Mitt Romney may have wrongly been declared the winner of the Iowa caucuses due to a tabulation error, according to an exclusive KCCI-TV report today.

KCCI spoke to Edward True, a Ron Paul supporter who helped count the votes from his precinct in Moulton (Appanoose County).

True said at his 53-person caucus at the Garrett Memorial Library, Romney received two votes. According to the Iowa Republican Party’s website, True’s precinct cast 22 votes for Romney.

“This is huge,” True said. “It essentially changes who won.”

A spokeswoman with the Iowa Republican Party said True is not a precinct captain and he’s not a county chairperson so he has no business talking about election results. She also said the party would not be giving interviews about possible discrepancies until the caucus vote is certified.

I was thinking on Wednesday that with 1,774 precincts counting paper ballots, a minor tabulation error could be enough to erase Romney’s eight-vote margin over Rick Santorum. Not that it matters much who “won,” since this isn’t a winner-take-all situation. In effect, Santorum and Romney tied.

For county-level results, this map at a site run by the Cedar Rapids Gazette and KCRG-TV is user-friendly. Santorum won a plurality of votes in the following 62 counties: Adair, Appanoose, Audubon, Benton, Boone, Buchanan, Butler, Calhoun, Carroll, Cass, Cherokee, Clay, Crawford, Davis, Delaware, Des Moines, Emmet, Floyd, Franklin, Greene, Guthrie, Grundy, Hamilton, Hancock, Hardin, Harrison, Henry, Howard, Humboldt, Ida, Iowa, Jasper, Keokuk, Kossuth, Lucas, Lyon, Madison, Mahaska, Marion, Marshall, Mills, Monona, Monroe, Montgomery, O’Brien, Osceola, Page, Palo Alto, Pocahontas, Ringgold, Sac, Shelby, Sioux, Tama, Wapello, Warren, Wayne, Webster, Winnebago, Woodbury, Worth, and Wright.

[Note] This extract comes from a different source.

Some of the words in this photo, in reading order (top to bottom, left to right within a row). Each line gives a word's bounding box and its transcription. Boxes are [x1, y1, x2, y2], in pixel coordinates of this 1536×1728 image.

Romney won a plurality of votes in the following 17 counties: Bremer, Cerro Gordo, Clinton, Dallas, Dickinson, Dubuque, Fayette, Fremont, Johnson, Jones, Linn, Muscatine, Plymouth, Polk, Pottawattamie, Scott, and Story.

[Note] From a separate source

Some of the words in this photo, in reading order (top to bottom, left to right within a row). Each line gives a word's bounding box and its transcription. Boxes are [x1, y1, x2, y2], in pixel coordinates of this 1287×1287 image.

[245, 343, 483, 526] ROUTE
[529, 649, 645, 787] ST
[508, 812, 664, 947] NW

Paul won a plurality of votes in the following 17 counties: Adams, Allamakee, Black Hawk, Buena Vista, Cedar, Chickasaw, Clarke, Clayton, Decatur, Jackson, Jefferson, Lee, Mitchell, Poweshiek, Van Buren, Washington, and Winneshiek.

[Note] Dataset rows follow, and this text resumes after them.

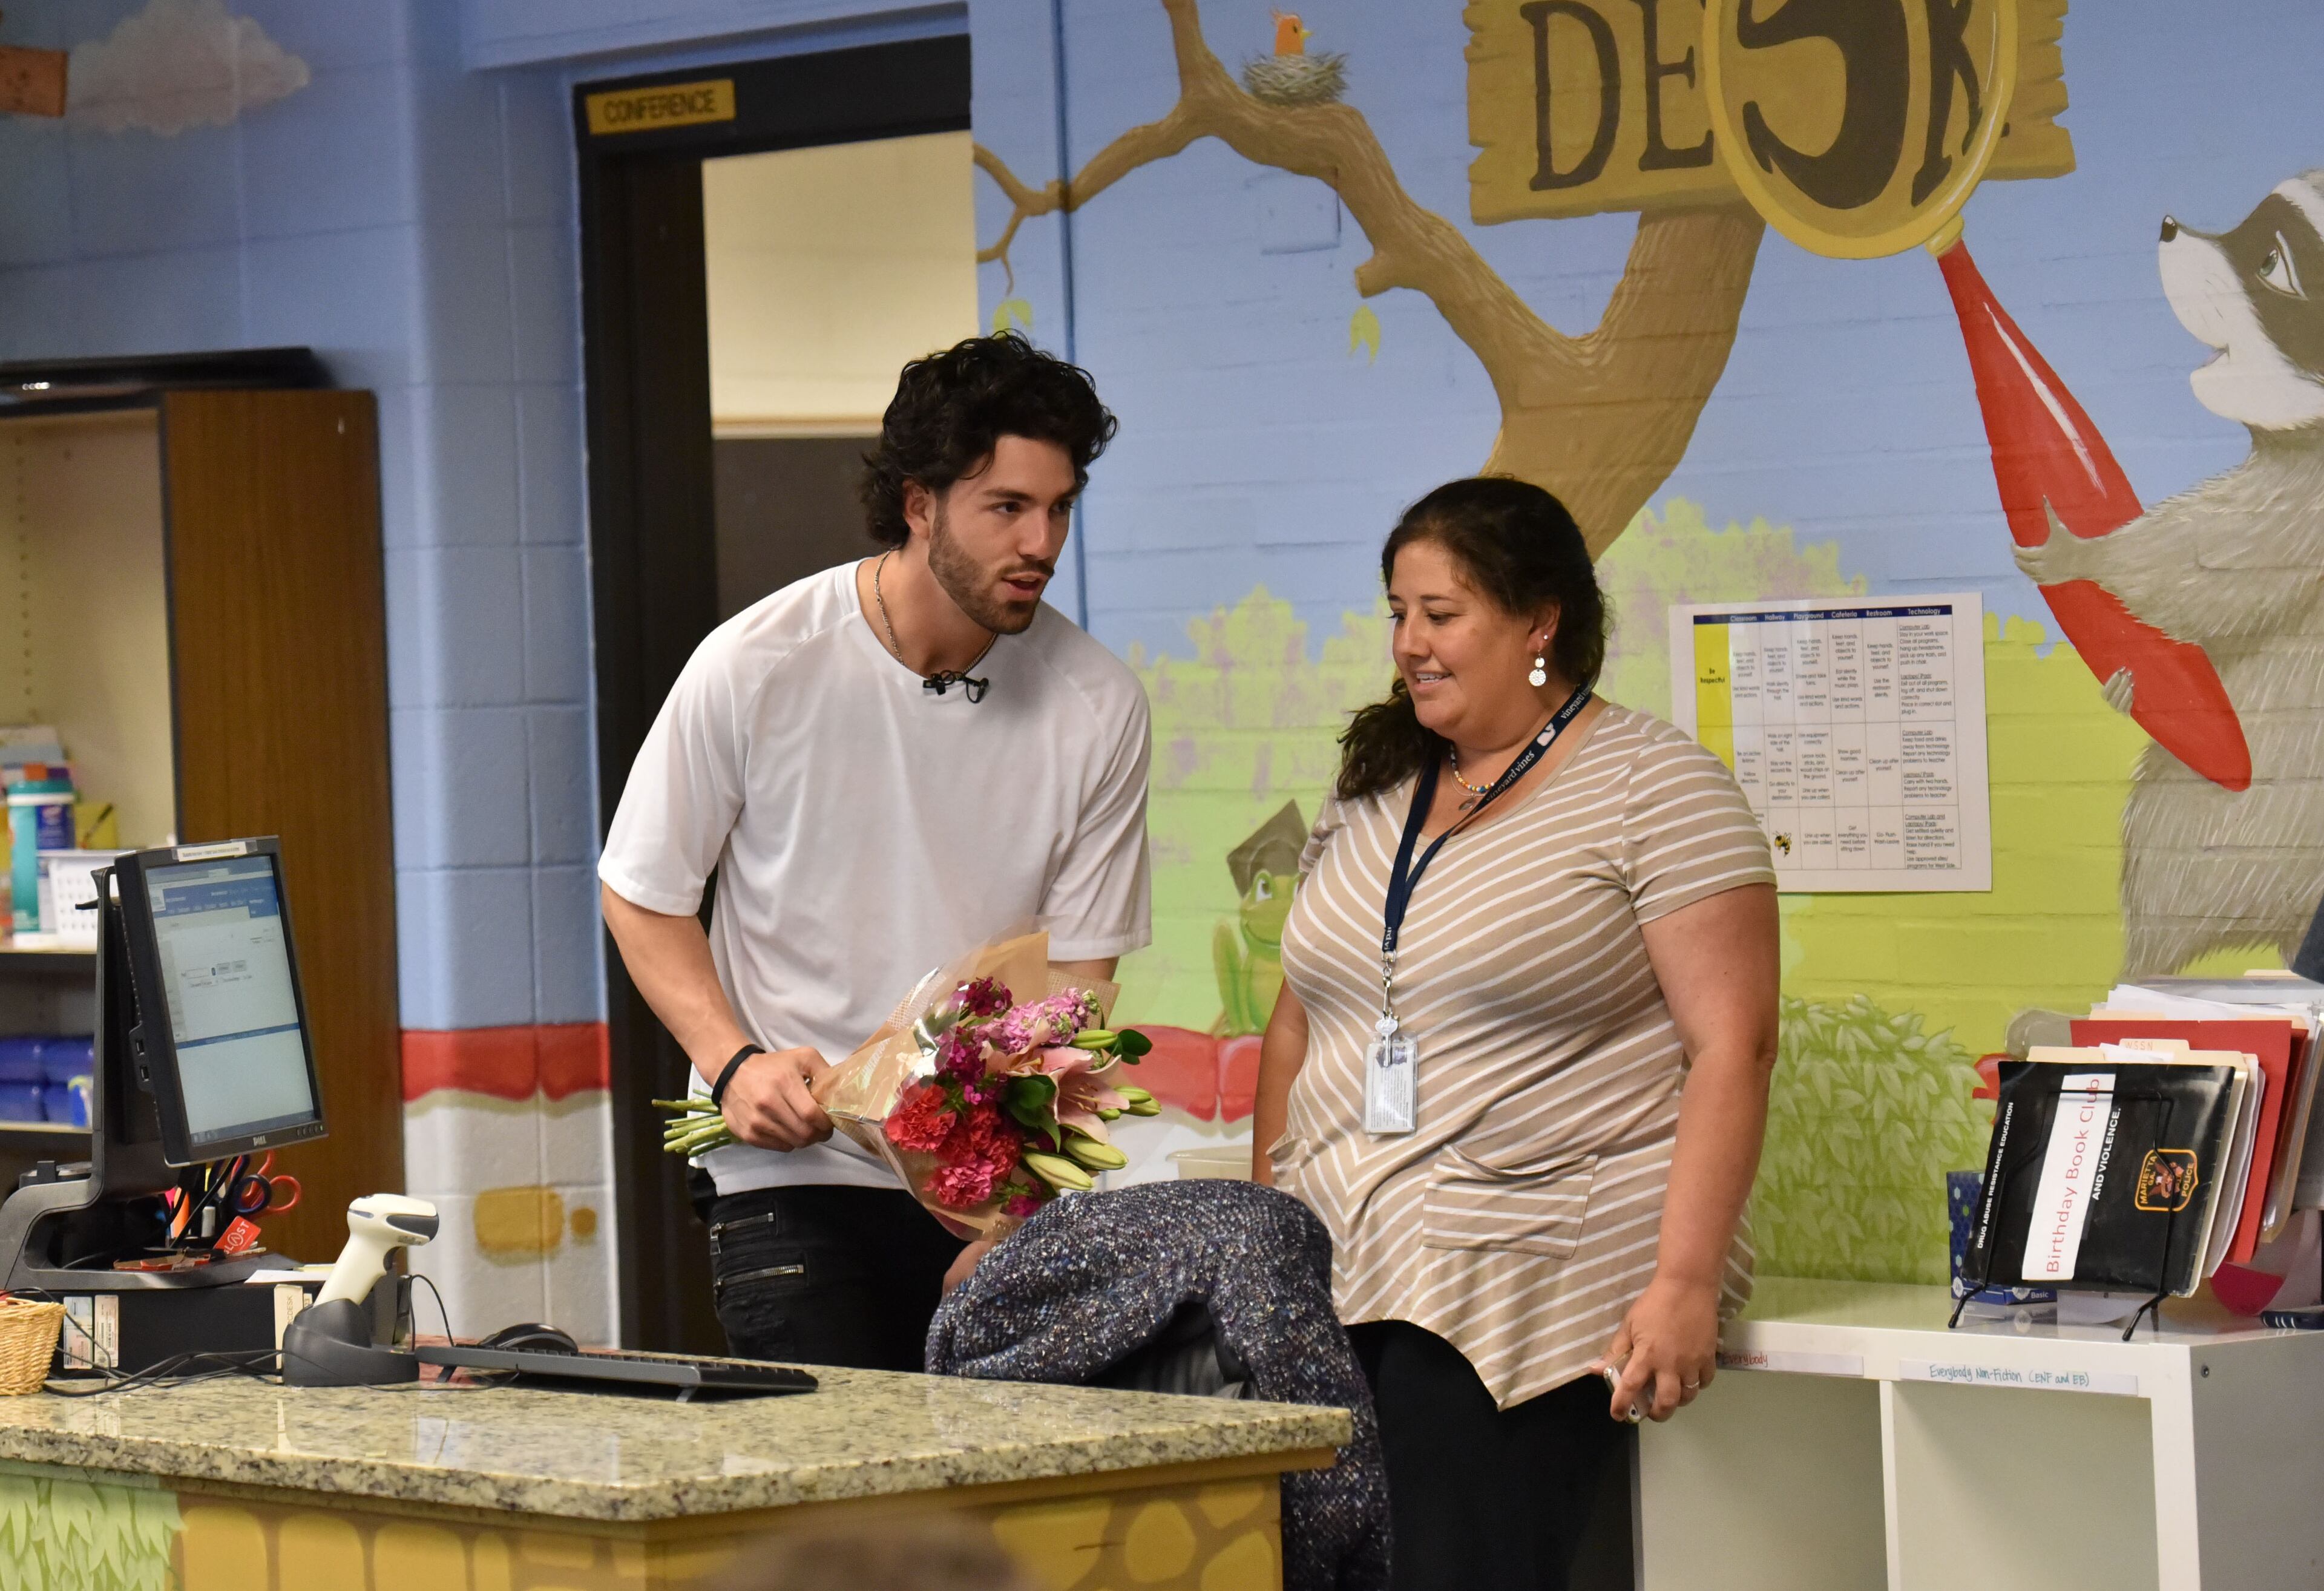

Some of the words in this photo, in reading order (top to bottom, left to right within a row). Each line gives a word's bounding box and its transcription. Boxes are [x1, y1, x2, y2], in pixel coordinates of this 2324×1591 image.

[1793, 612, 1823, 620] Playground
[1908, 607, 1940, 616] Technology
[1561, 694, 1584, 720] vineyard
[1486, 769, 1517, 801] vineyard
[1515, 750, 1535, 772] vines
[2092, 1170, 2104, 1200] AND
[2098, 1108, 2121, 1169] VIOLENCE.
[1978, 1226, 1987, 1248] DRUG
[1984, 1196, 1994, 1225] ABUSE
[1989, 1149, 2003, 1196] RESISTANCE
[2000, 1102, 2014, 1147] EDUCATION
[2046, 1187, 2077, 1272] Birthday
[2066, 1130, 2088, 1179] Book
[2079, 1078, 2099, 1122] Club
[2139, 1156, 2158, 1204] MARIETTA
[2181, 1163, 2194, 1197] POLICE
[2031, 1291, 2049, 1299] Basic
[1723, 1351, 1768, 1368] Everybody
[1929, 1364, 1972, 1382] Everybody
[1976, 1367, 2022, 1382] Non-Fiction
[2029, 1370, 2052, 1383] (ENF
[2055, 1373, 2069, 1383] and
[2073, 1372, 2089, 1386] EB)

Perry won a plurality of votes in Union and Taylor Counties.

Santorum and Paul tied in Louisa County. In many counties only a handful of votes separated first place from second place.

UPDATE: Speaking to Fox News, Santorum indicated that 21 votes were erroneously added to his own total, meaning that  Romney would still be slightly ahead after all errors were fixed.

Iowa GOP Chair Matt Strawn told KCCI’s Kevin Cooney that he’s confident the final certified results from Appanoose County will not change the winner of the caucuses.

I would not be surprised if other small errors are uncovered in precincts around Iowa.

SECOND UPDATE: The Iowa GOP released this statement on the evening of January 5.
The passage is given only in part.